I'd counter by saying that from the fight against slavery to the creation of the KKK to the 1957 filibuster to the passage of the Civil Rights Act of 1964, and onward to the present day, it has always been Republicans fighting for equality, and Democrats opposing it. The Democrat opposition used to be very direct-- enslave blacks, lynch blacks, segregate blacks, etc.-- but once it became clear that tactic no longer worked, they switched to their present-day, more subtle, but equally damaging, methods of impoverishment and blame-shifting. Democrats have switched from open racism to legislated racism.

reply

I disagree.

reply

ok

reply

[deleted]

"I never understood the nostalgia for the 50's because it seemed like such an ugly time in America."

Like every time period, the 1950s had problems. But it was also a beautiful period of post-war, post-Depression optimism and prosperity. It was not a simple time, or an innocent time, but it was a positive time.

And, "American Graffiti" takes place in 1962.

reply

Maybe a bit simpler is more up your alley?

reply

It’s not necessarily nostalgic for the early 60s, but nostalgic for the time in persons life where they can run around with their friends and be kids, where their biggest worry wasn’t a big worry at all.

reply

I never understood
the nostalgia for the 50's because it seemed like such an
ugly time in America.


LOL! Oh, so ugly!
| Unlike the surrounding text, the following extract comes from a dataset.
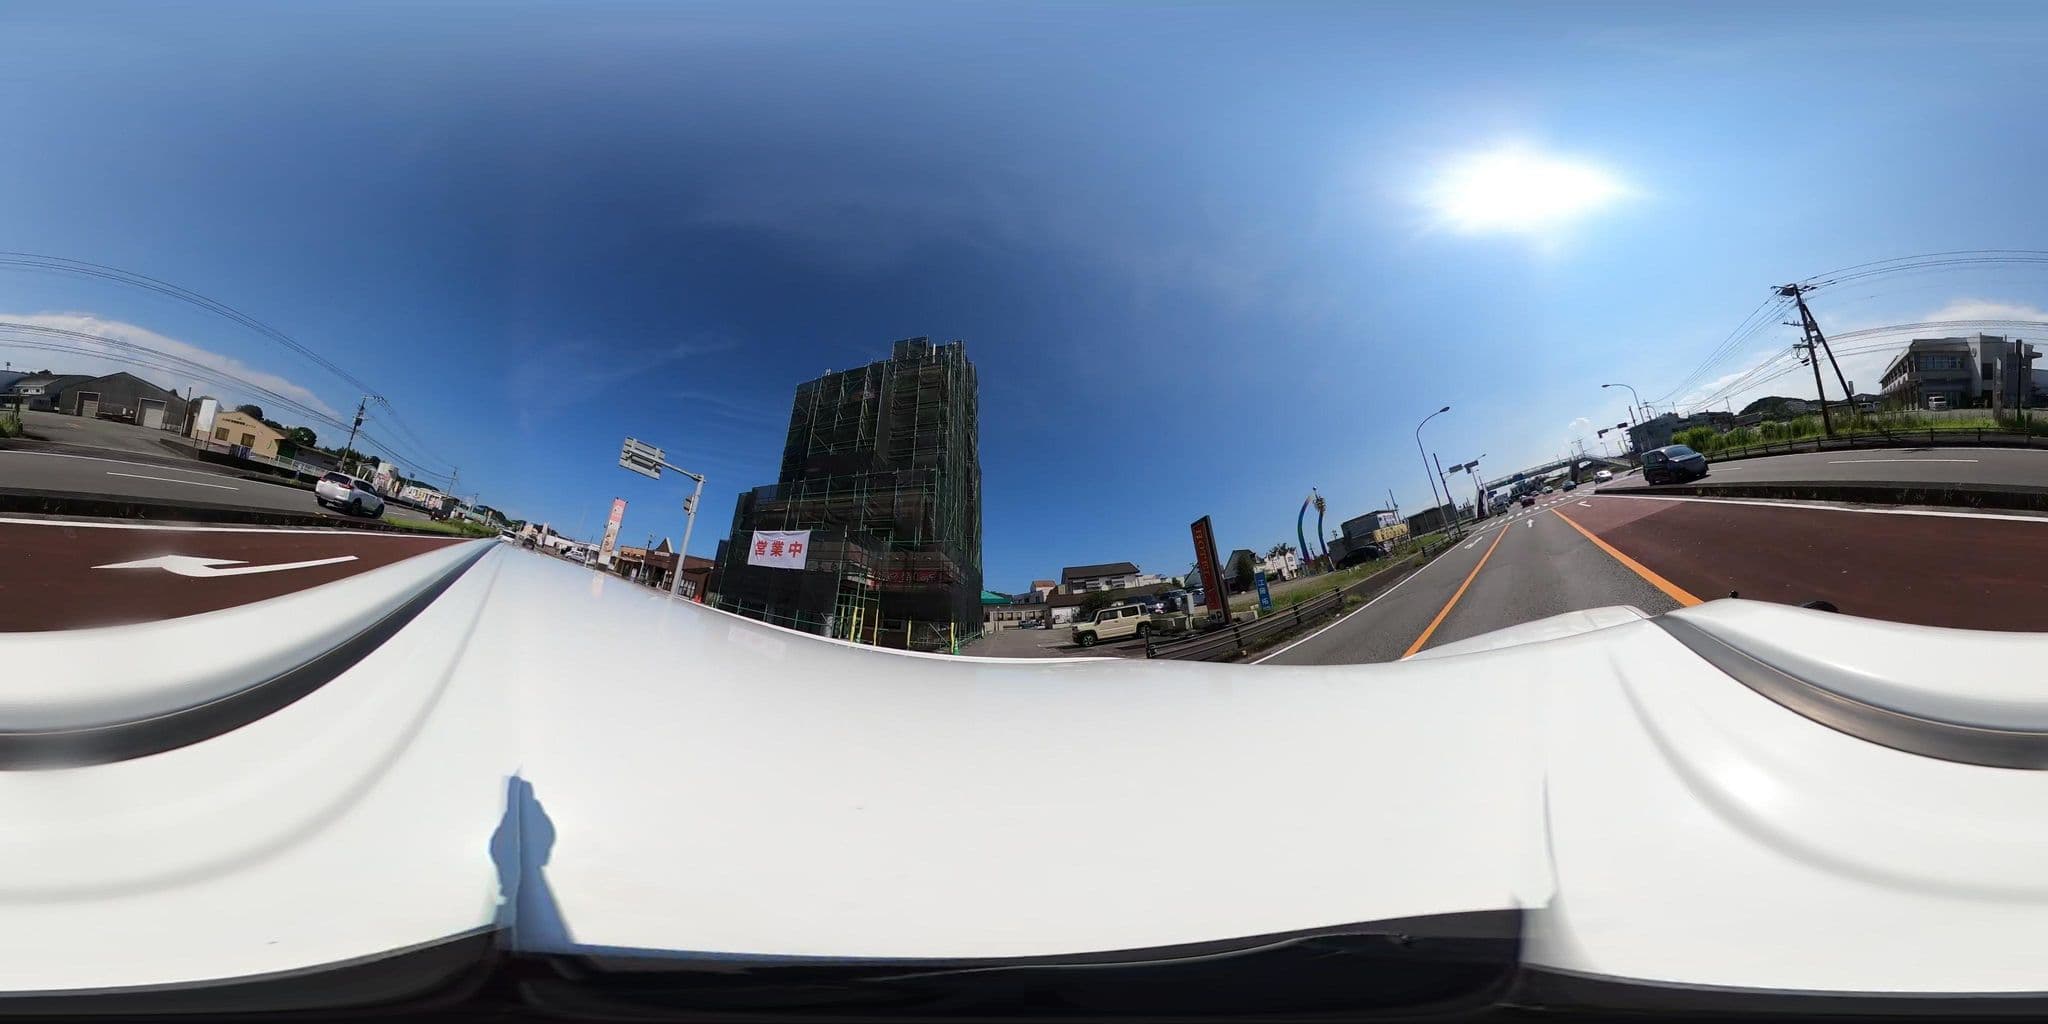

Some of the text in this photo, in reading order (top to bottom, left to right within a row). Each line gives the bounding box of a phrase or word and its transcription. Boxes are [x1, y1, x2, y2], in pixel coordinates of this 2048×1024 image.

[755, 540, 802, 558] 営業中
[1195, 528, 1210, 577] HOTEL
Recreational drug abuse had not spread to the mainstream, most families had 2 parents, a person could own a home and support a family with only a high school education, no crime waves, mass shooting was a once-a-decade rarity, kids could play out alone, people were not addicted to expensive electronics, popular entertainment was not dominated by sex and toilet jokes, etc. etc. etc. How very ugly! The stinking hell-hole we have descended into over the last 60 years is SO much nicer.